▶ What the task asks
Below are the records. Reproduce the line that contains "this 1000×1500 image." and every line after it to the end, exactly and alone.

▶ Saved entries
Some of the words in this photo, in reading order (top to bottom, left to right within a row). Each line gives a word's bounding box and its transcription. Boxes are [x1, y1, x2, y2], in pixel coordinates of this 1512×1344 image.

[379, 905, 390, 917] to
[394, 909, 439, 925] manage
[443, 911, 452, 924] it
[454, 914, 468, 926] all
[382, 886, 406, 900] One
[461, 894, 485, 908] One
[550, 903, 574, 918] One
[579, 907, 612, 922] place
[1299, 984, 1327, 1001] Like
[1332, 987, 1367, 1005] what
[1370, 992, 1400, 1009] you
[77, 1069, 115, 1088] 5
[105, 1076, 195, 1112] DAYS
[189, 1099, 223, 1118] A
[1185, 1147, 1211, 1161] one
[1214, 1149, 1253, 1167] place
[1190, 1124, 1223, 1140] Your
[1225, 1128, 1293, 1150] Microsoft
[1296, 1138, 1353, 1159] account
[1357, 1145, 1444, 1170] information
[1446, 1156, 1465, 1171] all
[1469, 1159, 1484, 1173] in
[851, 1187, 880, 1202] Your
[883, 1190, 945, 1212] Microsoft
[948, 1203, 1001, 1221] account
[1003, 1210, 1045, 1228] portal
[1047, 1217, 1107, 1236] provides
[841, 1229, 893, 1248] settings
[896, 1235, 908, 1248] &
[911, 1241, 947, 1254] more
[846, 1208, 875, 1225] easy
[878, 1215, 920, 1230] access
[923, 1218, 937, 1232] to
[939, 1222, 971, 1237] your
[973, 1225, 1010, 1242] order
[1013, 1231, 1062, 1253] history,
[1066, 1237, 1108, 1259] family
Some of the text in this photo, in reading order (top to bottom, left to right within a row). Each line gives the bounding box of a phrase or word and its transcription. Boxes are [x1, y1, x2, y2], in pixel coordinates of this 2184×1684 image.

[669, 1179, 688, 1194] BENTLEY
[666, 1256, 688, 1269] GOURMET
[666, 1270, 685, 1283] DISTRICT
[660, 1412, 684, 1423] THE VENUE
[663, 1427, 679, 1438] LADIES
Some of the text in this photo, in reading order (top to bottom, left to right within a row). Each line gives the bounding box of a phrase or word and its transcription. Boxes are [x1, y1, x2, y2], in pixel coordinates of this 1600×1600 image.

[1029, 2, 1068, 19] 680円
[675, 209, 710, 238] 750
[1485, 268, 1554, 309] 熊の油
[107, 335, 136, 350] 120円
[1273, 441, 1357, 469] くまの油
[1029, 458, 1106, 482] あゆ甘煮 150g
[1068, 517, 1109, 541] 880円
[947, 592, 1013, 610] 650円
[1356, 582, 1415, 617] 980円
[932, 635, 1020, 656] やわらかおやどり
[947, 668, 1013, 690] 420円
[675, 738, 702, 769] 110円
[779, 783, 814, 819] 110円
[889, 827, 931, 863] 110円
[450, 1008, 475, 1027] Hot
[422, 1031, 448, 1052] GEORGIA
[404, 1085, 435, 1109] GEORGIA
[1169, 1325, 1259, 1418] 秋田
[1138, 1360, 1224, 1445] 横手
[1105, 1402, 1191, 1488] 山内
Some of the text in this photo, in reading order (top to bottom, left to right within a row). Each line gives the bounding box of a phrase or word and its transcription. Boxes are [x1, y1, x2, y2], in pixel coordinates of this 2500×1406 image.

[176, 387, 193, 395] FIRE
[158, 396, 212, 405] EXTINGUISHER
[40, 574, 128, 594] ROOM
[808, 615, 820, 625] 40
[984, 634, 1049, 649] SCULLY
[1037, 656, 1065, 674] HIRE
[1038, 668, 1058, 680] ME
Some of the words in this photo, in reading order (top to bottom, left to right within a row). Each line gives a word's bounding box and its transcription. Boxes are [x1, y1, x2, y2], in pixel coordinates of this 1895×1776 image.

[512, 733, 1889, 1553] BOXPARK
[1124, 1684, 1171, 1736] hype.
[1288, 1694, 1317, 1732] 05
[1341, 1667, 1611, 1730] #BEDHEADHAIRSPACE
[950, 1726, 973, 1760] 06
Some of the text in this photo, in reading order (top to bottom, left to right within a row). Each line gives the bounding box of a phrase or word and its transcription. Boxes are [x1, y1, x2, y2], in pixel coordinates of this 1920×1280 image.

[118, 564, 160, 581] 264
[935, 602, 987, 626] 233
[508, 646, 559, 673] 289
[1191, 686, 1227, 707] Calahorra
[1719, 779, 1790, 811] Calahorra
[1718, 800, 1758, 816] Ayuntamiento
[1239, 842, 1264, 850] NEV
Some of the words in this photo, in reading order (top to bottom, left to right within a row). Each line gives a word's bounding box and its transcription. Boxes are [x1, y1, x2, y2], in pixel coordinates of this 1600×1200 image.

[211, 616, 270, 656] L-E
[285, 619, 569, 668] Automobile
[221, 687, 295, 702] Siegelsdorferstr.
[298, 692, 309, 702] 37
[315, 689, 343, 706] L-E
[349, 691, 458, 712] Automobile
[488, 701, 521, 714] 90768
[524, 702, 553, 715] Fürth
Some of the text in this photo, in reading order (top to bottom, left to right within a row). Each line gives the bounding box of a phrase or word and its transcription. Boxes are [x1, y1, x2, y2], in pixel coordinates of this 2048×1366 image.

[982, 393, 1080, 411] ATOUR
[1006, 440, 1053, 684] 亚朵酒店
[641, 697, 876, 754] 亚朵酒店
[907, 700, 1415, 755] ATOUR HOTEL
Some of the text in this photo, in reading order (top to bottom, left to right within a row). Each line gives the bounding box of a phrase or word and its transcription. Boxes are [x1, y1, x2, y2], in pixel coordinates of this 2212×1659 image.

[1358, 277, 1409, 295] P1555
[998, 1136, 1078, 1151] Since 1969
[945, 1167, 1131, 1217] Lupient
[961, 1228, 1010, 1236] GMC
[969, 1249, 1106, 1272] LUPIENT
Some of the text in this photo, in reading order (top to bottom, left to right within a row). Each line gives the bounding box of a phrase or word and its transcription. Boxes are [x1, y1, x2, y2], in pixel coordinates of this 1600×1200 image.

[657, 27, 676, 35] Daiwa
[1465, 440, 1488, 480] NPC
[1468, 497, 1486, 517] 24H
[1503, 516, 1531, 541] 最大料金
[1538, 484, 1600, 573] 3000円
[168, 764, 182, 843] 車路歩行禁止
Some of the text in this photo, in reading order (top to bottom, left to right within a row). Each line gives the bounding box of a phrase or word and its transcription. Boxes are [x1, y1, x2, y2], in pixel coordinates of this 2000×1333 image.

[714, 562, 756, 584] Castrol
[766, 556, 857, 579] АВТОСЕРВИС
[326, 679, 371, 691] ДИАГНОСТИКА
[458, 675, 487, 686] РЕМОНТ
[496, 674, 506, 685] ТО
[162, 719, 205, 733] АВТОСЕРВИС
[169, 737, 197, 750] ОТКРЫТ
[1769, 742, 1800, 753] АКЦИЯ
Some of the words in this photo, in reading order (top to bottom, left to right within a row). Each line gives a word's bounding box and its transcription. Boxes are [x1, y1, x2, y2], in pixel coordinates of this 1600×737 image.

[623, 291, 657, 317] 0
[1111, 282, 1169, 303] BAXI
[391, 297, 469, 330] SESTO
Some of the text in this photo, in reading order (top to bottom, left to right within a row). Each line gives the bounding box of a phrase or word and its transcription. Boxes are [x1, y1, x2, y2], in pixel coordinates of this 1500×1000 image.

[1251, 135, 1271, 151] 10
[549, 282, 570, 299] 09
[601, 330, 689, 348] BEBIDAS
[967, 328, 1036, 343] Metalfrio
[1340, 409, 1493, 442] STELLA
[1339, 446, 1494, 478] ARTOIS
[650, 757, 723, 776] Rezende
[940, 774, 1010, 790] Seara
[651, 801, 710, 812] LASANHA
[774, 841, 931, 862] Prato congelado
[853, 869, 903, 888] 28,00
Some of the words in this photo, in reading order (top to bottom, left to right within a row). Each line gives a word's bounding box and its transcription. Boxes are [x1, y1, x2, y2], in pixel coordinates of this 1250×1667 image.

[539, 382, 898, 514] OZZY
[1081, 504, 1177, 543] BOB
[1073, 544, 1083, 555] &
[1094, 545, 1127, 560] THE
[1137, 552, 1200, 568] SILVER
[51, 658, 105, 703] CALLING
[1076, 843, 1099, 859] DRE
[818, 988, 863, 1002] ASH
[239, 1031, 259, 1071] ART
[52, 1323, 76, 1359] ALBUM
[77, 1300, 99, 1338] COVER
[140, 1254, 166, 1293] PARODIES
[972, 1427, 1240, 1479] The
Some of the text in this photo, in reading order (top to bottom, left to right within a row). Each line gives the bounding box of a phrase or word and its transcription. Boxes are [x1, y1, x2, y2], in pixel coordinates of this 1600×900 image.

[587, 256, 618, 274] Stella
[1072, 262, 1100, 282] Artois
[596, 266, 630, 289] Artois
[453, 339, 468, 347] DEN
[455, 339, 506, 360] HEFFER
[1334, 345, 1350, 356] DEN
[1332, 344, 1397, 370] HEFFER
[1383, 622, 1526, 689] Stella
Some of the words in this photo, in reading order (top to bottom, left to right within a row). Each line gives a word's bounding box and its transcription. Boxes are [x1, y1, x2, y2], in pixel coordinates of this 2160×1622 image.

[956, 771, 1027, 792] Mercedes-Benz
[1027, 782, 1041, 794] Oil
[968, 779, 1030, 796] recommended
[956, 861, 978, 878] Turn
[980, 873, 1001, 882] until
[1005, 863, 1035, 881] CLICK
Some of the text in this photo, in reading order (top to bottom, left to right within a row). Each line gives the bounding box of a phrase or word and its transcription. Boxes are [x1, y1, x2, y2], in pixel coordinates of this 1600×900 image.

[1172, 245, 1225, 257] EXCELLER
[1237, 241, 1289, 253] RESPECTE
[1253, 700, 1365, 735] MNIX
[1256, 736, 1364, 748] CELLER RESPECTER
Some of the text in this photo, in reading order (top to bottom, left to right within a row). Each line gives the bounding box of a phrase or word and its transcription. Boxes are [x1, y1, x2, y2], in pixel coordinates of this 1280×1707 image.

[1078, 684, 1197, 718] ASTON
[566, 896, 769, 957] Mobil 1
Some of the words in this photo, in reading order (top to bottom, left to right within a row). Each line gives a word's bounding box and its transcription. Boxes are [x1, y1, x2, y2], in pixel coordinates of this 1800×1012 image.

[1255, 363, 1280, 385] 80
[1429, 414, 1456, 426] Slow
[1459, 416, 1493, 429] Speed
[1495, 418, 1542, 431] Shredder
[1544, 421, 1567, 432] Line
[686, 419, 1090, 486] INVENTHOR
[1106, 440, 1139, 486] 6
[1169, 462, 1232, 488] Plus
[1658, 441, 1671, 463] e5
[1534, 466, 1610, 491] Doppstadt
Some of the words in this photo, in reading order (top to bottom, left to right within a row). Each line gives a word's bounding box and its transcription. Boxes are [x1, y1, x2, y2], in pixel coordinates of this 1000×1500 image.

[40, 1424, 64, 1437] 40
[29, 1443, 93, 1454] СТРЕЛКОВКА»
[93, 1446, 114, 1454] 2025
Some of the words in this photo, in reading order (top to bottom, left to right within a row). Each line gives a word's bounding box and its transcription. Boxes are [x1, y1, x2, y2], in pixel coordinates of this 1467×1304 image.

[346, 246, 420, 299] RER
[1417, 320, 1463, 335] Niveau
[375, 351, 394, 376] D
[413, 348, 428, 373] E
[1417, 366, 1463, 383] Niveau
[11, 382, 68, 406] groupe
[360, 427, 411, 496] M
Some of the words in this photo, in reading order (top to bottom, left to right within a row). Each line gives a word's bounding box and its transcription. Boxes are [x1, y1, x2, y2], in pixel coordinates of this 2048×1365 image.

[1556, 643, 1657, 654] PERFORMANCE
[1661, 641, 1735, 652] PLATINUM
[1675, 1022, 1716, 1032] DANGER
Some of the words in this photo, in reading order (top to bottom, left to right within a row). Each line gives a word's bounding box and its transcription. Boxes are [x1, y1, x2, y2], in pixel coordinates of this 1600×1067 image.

▶ Exercise answer
Some of the words in this photo, in reading order (top to bottom, left to right within a row). Each line gives a word's bounding box and its transcription. Boxes are [x1, y1, x2, y2], in pixel coordinates of this 1000×1500 image.

[40, 1424, 64, 1437] 40
[29, 1443, 93, 1454] СТРЕЛКОВКА»
[93, 1446, 114, 1454] 2025
Some of the words in this photo, in reading order (top to bottom, left to right within a row). Each line gives a word's bounding box and its transcription. Boxes are [x1, y1, x2, y2], in pixel coordinates of this 1467×1304 image.

[346, 246, 420, 299] RER
[1417, 320, 1463, 335] Niveau
[375, 351, 394, 376] D
[413, 348, 428, 373] E
[1417, 366, 1463, 383] Niveau
[11, 382, 68, 406] groupe
[360, 427, 411, 496] M
Some of the words in this photo, in reading order (top to bottom, left to right within a row). Each line gives a word's bounding box and its transcription. Boxes are [x1, y1, x2, y2], in pixel coordinates of this 2048×1365 image.

[1556, 643, 1657, 654] PERFORMANCE
[1661, 641, 1735, 652] PLATINUM
[1675, 1022, 1716, 1032] DANGER
Some of the words in this photo, in reading order (top to bottom, left to right within a row). Each line gives a word's bounding box and its transcription. Boxes are [x1, y1, x2, y2], in pixel coordinates of this 1600×1067 image.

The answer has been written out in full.